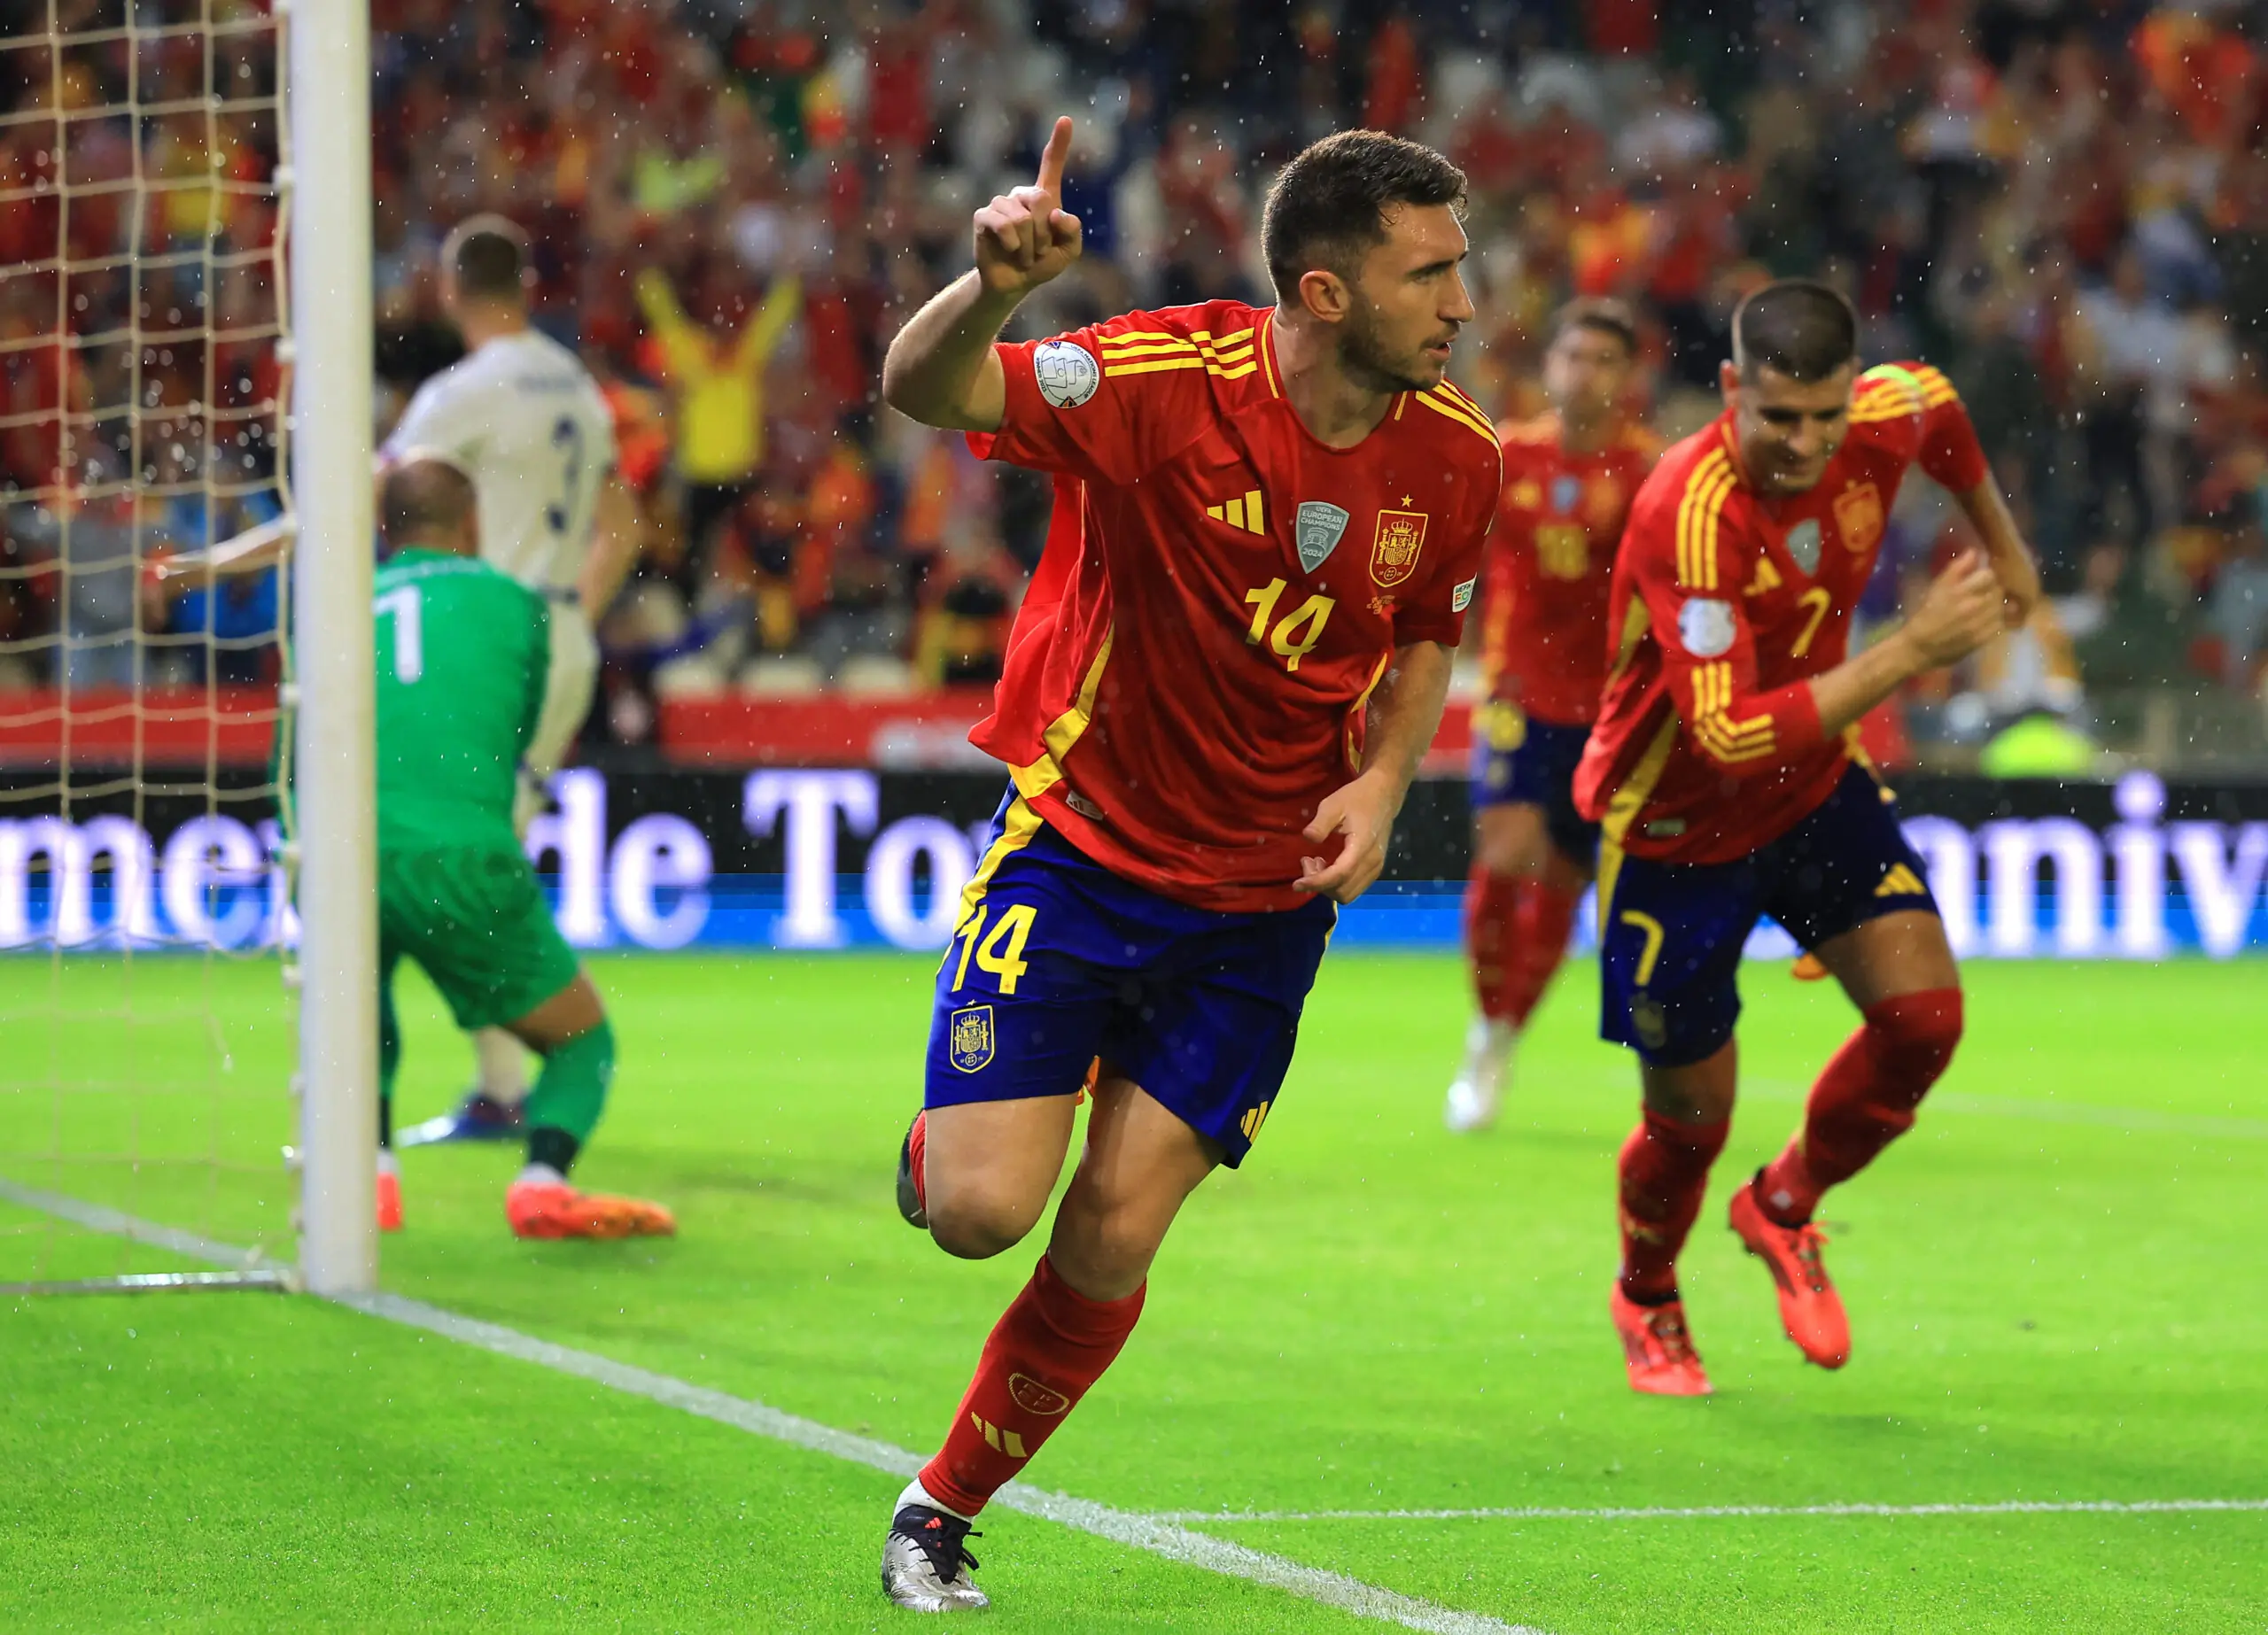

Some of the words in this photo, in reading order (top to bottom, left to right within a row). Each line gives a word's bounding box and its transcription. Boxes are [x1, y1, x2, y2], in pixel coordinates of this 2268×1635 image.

[1301, 517, 1341, 531] CHAMPIONS
[1302, 510, 1343, 524] EUROPEAN
[1316, 506, 1332, 515] UEFA
[1302, 547, 1324, 558] 2024
[371, 584, 423, 685] 1
[1244, 577, 1337, 672] 14
[1790, 585, 1832, 658] 7
[0, 813, 302, 949] me
[523, 765, 714, 950] de
[742, 767, 992, 951] To
[951, 903, 1038, 996] 14
[1619, 910, 1666, 987] 7
· · ·
- [What you have to do]
What is needed here is an exact copy of all the entries, without the pictures.

- [Output below]
Some of the words in this photo, in reading order (top to bottom, left to right within a row). Each line gives a word's bounding box and its transcription. Boxes are [x1, y1, x2, y2], in pixel coordinates of this 2268×1635 image.

[1301, 517, 1341, 531] CHAMPIONS
[1302, 510, 1343, 524] EUROPEAN
[1316, 506, 1332, 515] UEFA
[1302, 547, 1324, 558] 2024
[371, 584, 423, 685] 1
[1244, 577, 1337, 672] 14
[1790, 585, 1832, 658] 7
[0, 813, 302, 949] me
[523, 765, 714, 950] de
[742, 767, 992, 951] To
[951, 903, 1038, 996] 14
[1619, 910, 1666, 987] 7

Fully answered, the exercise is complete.